The result of summary is an output of this type: a table where, if the variable is numeric, the mean, median, etc., are calculated.
The median is always in the third row.
I can save the results of the summaries in R objects and then extract the third rows from these tables for both created objects. SUMMCENT[3,] indicates that from the summary result of the centenarians, I am taking only the third rows and all columns. This is achieved using square brackets. Specifically, to select the third row of the entire table (which contains the median), I use [3,]. The fact that there is nothing after the comma indicates "take all columns."
This way, I obtain two vectors that contain all the medians of the centenarians and all the medians of the controls. At this point, I just need to check where one vector is smaller than the other.
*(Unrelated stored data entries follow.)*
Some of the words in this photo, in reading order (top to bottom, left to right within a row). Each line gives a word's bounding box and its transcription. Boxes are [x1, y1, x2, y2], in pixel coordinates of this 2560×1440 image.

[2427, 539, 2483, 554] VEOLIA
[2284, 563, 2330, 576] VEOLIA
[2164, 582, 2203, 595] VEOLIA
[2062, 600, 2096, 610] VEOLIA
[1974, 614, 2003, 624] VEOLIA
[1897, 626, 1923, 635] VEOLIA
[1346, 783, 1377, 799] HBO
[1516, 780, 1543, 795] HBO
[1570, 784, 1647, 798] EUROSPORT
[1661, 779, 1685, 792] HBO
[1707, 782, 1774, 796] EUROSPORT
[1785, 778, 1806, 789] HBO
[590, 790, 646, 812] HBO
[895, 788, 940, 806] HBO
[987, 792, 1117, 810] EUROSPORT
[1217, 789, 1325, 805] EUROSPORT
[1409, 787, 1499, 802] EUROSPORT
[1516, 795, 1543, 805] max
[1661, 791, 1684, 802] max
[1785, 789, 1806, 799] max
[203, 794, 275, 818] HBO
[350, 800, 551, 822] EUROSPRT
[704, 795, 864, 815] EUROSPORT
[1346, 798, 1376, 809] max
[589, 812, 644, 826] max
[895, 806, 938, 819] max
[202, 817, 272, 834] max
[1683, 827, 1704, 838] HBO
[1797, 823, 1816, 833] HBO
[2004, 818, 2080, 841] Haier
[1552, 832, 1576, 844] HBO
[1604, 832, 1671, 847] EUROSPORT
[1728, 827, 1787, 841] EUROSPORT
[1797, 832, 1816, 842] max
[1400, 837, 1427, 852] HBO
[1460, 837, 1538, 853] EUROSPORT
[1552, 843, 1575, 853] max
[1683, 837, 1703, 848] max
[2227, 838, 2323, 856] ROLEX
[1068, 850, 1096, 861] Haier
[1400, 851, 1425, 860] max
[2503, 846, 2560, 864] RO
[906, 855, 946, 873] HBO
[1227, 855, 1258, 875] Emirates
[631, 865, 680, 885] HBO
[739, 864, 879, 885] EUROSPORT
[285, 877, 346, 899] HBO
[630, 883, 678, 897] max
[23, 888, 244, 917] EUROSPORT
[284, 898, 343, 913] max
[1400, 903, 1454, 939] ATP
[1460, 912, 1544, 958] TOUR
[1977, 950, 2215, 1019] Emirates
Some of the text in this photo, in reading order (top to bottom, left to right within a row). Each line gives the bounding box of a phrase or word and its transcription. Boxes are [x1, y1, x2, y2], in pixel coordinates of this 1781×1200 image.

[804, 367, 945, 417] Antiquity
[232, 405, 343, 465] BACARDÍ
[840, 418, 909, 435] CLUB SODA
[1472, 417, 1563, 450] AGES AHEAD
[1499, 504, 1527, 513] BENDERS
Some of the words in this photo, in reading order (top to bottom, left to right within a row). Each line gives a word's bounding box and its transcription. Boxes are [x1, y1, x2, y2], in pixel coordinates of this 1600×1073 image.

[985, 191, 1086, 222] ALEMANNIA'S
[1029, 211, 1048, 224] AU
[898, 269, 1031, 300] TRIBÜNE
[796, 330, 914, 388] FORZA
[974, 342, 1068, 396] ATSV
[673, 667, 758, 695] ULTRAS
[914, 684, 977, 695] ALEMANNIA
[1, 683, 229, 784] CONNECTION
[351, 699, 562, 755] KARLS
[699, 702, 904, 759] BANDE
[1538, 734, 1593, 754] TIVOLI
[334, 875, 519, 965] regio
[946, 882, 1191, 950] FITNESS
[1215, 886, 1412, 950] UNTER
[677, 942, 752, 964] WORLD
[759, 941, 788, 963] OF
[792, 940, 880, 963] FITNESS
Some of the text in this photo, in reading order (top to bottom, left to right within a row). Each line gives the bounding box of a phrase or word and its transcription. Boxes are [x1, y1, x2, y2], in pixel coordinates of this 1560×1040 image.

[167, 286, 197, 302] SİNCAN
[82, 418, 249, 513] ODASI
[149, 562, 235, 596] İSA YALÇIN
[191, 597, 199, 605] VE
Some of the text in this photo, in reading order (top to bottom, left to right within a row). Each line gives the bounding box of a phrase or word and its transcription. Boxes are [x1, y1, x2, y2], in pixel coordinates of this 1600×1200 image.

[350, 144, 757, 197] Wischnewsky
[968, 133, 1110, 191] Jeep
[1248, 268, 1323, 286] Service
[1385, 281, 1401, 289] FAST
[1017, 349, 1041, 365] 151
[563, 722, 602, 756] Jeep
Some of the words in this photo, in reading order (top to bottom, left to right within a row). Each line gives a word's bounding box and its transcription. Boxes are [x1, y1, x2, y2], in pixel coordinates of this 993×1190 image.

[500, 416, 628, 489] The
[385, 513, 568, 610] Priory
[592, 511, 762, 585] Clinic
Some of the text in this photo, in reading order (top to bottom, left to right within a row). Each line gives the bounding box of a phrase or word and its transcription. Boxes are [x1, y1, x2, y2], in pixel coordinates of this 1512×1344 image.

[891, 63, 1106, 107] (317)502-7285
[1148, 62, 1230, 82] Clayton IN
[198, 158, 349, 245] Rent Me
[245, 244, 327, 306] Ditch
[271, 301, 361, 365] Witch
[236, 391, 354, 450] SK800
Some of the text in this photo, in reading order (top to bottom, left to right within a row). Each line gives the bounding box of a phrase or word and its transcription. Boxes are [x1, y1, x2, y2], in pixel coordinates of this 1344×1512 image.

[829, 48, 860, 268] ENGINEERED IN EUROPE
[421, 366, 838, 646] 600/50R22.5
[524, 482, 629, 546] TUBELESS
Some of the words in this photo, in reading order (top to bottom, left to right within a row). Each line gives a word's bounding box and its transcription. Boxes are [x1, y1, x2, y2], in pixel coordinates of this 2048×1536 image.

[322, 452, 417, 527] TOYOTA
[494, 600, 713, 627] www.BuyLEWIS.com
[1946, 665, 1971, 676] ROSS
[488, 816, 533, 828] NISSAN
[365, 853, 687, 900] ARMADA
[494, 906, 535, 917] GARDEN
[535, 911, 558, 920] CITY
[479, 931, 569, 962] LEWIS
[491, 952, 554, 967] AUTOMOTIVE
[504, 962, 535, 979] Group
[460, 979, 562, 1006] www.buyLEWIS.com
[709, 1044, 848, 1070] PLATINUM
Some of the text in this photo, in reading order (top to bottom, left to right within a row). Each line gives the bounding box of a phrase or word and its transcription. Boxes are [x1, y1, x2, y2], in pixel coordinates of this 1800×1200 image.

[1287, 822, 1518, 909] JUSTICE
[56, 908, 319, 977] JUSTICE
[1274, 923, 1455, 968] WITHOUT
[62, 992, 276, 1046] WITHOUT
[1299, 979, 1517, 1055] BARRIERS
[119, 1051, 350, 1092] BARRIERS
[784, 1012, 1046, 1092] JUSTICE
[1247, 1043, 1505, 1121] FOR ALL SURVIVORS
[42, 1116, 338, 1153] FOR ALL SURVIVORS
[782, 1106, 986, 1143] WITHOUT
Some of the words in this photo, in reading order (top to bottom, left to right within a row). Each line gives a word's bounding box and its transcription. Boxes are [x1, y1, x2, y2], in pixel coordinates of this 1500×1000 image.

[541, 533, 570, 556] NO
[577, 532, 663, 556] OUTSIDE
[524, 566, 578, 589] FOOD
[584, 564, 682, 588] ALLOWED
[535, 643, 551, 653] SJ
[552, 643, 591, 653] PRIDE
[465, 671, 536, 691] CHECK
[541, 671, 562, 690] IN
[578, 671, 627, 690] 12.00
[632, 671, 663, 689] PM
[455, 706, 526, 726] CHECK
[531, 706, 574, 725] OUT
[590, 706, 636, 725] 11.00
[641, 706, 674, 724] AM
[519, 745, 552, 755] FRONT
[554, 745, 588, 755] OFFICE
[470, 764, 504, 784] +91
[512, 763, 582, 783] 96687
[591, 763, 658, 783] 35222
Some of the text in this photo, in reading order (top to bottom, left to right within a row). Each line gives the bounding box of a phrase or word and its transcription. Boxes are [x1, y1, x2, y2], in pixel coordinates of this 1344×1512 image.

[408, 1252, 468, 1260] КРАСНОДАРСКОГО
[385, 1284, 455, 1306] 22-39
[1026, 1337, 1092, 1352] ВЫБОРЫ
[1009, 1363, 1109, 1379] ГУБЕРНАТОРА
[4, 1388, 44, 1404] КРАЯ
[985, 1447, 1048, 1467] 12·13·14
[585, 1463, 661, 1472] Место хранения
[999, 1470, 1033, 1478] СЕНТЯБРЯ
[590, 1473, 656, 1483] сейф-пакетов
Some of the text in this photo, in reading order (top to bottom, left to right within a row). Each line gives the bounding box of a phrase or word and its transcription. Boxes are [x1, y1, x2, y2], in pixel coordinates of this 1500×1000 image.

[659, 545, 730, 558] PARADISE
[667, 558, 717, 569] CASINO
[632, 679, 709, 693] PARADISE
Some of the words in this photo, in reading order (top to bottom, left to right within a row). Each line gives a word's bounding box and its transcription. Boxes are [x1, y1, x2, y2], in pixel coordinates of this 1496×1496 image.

SUMMCENT <- summary(CENTENARI)
SUMMCONTROL <- summary(CONTROLLI)
#i ask where in the result summary of the centenari the median (position 3) is minor in the centenari then in the controls
SUMMCENT[3, ] < SUMMCONTROL[3, ]
This will provide a comparison indicating where the median values of the centenarians are lower than those of the control group.